In a new approach, scientists at the University of California, San Francisco aim to treat Alzheimer’s disease using new technology. The approach involves focusing on microglia, a type of cell that stabilizes the brain by getting rid of damaged neurons and proteins that are often associated with dementia and other brain diseases. While changes in these cells have been linked to Alzheimer’s disease, they remain to be studied. Researchers have now used a new CRISPR technique that enables them to control these microglia cells. This, according to the team, could lead to a new approach to the treatment of Alzheimer’s disease.
In BrainNormal immune cells cannot get through the blood-brain barrier. This is where microglia cells come in handy. They act as the brain’s immune system and help flush out waste and toxins while maintaining the brain neurons working fine. when these microglia Cells When they begin to lose their way, this results in inflammation in the brain and can damage neurons and their networks.

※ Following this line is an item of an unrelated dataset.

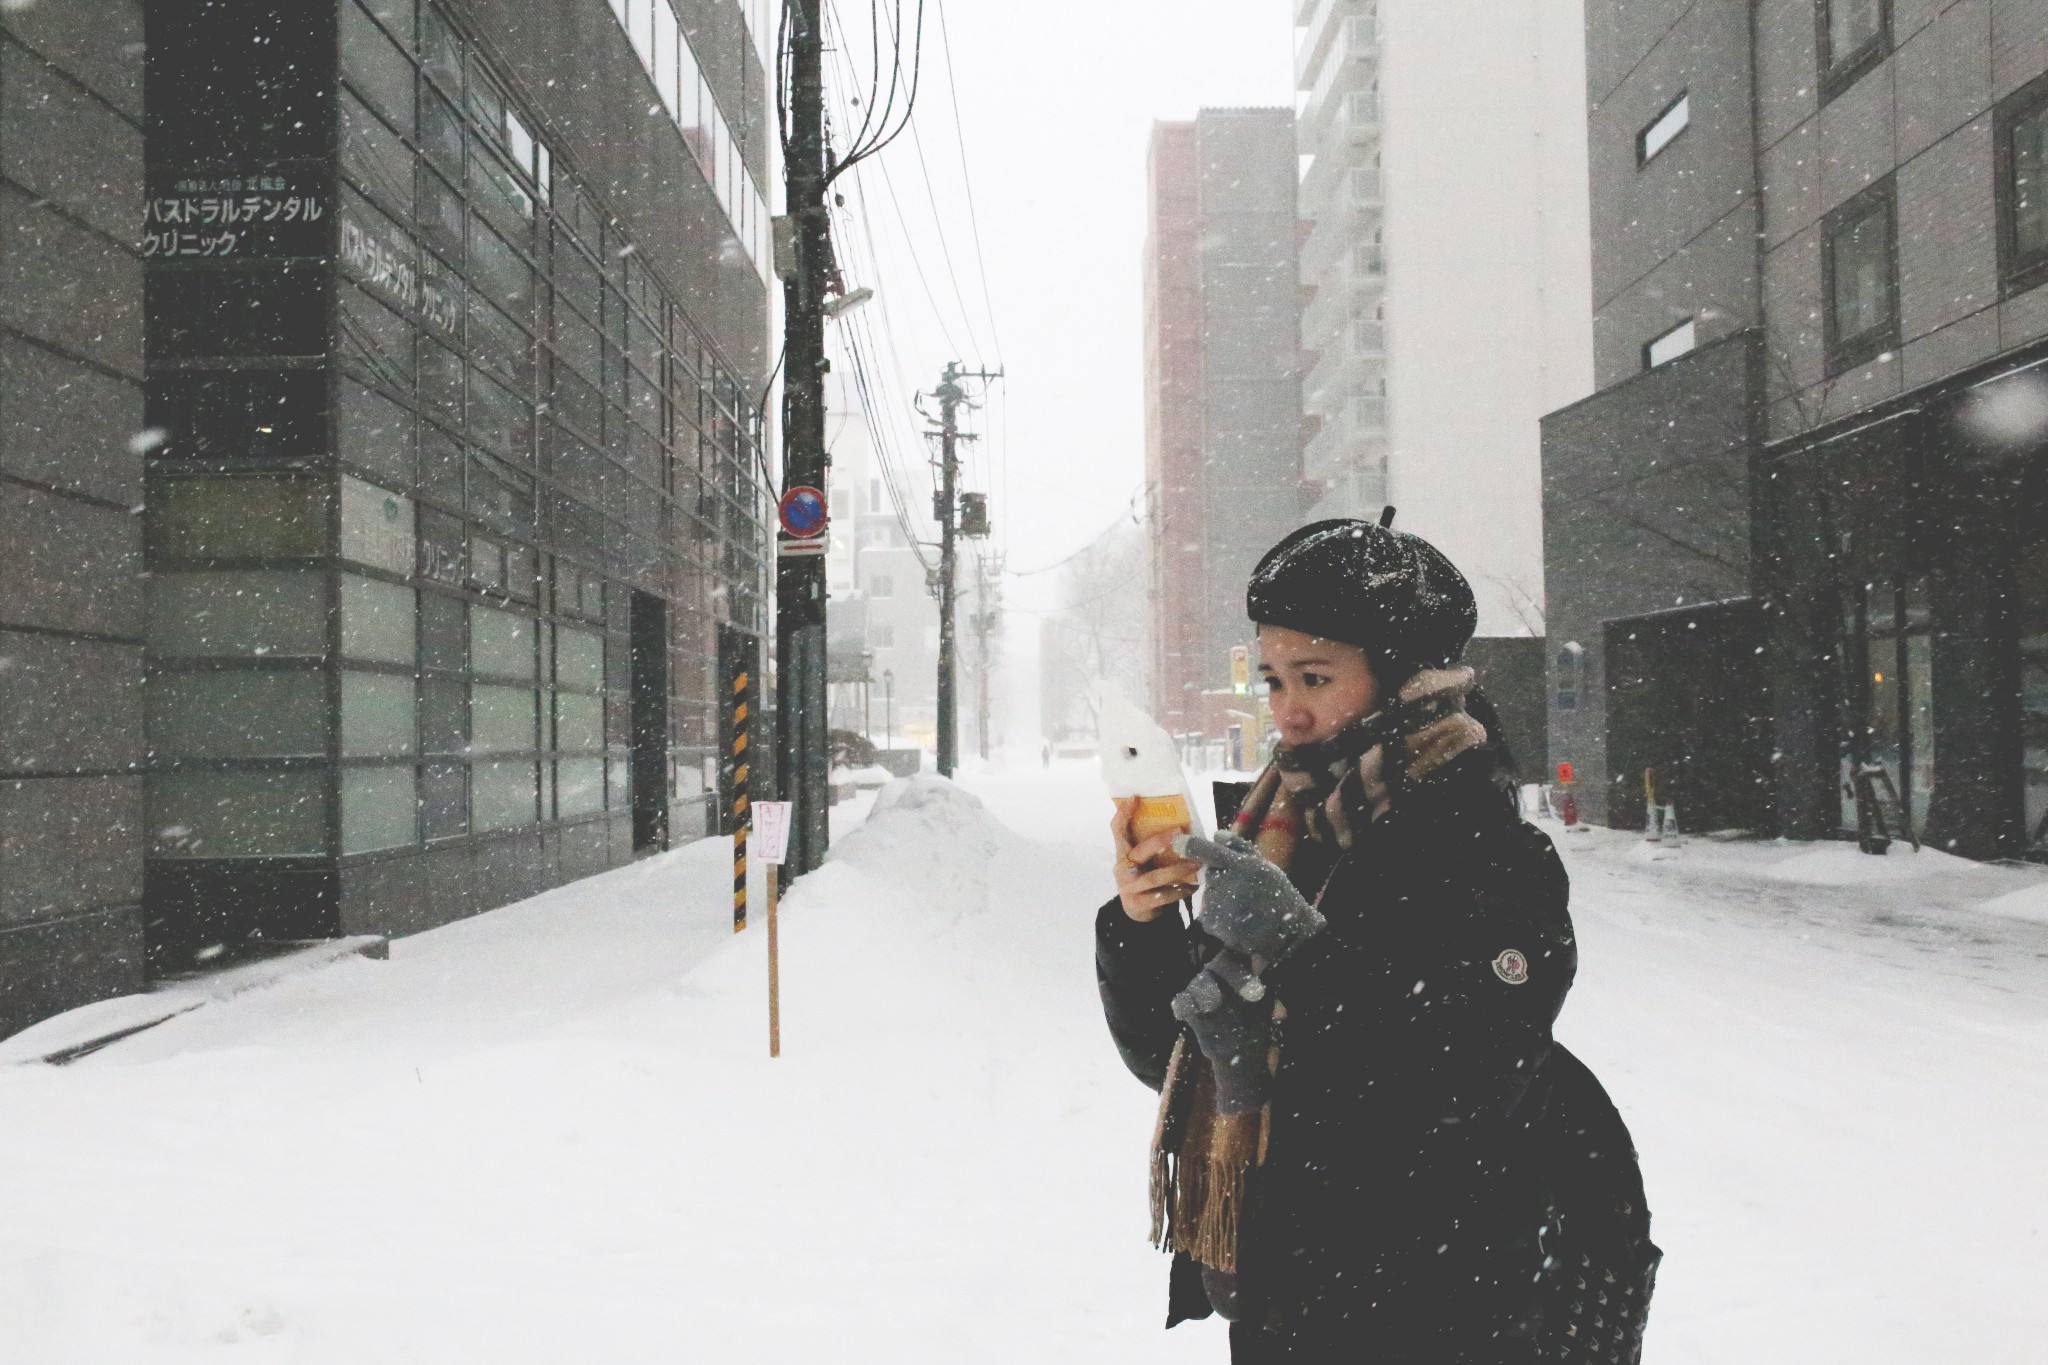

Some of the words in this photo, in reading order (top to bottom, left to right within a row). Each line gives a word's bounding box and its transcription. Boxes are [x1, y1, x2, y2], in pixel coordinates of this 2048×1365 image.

[143, 196, 322, 223] パストラルデンタル
[143, 229, 236, 257] クリニック

Microglia cells can also terminate the synapses between neurons under certain conditions. This process is a normal part of brain development in childhood and adolescence. But, in adults, it can have devastating effects on the brain.
The team, led by Martin Kampman, PhD, set out to locate the genes that were responsible for specific states of microglial activity. This allowed them to turn genes on and off and put the displaced cells back in their place.
they made microglia cells parent cell Donated by human volunteers and confirmed that they act like their normal human counterparts. The team then went on to develop a new platform that combines one form of CRISPR and enables researchers to turn individual genes on and off.
With this, the team was able to zero out the genes that were responsible for the cell’s ability to survive and grow. The gene also affected how actively a cell produced inflammatory substances and the aggressiveness with which a cell pruned to sync. Finding out the type of gene allowed the researchers to successfully put them to rest and replace the diseased cell with a healthy one.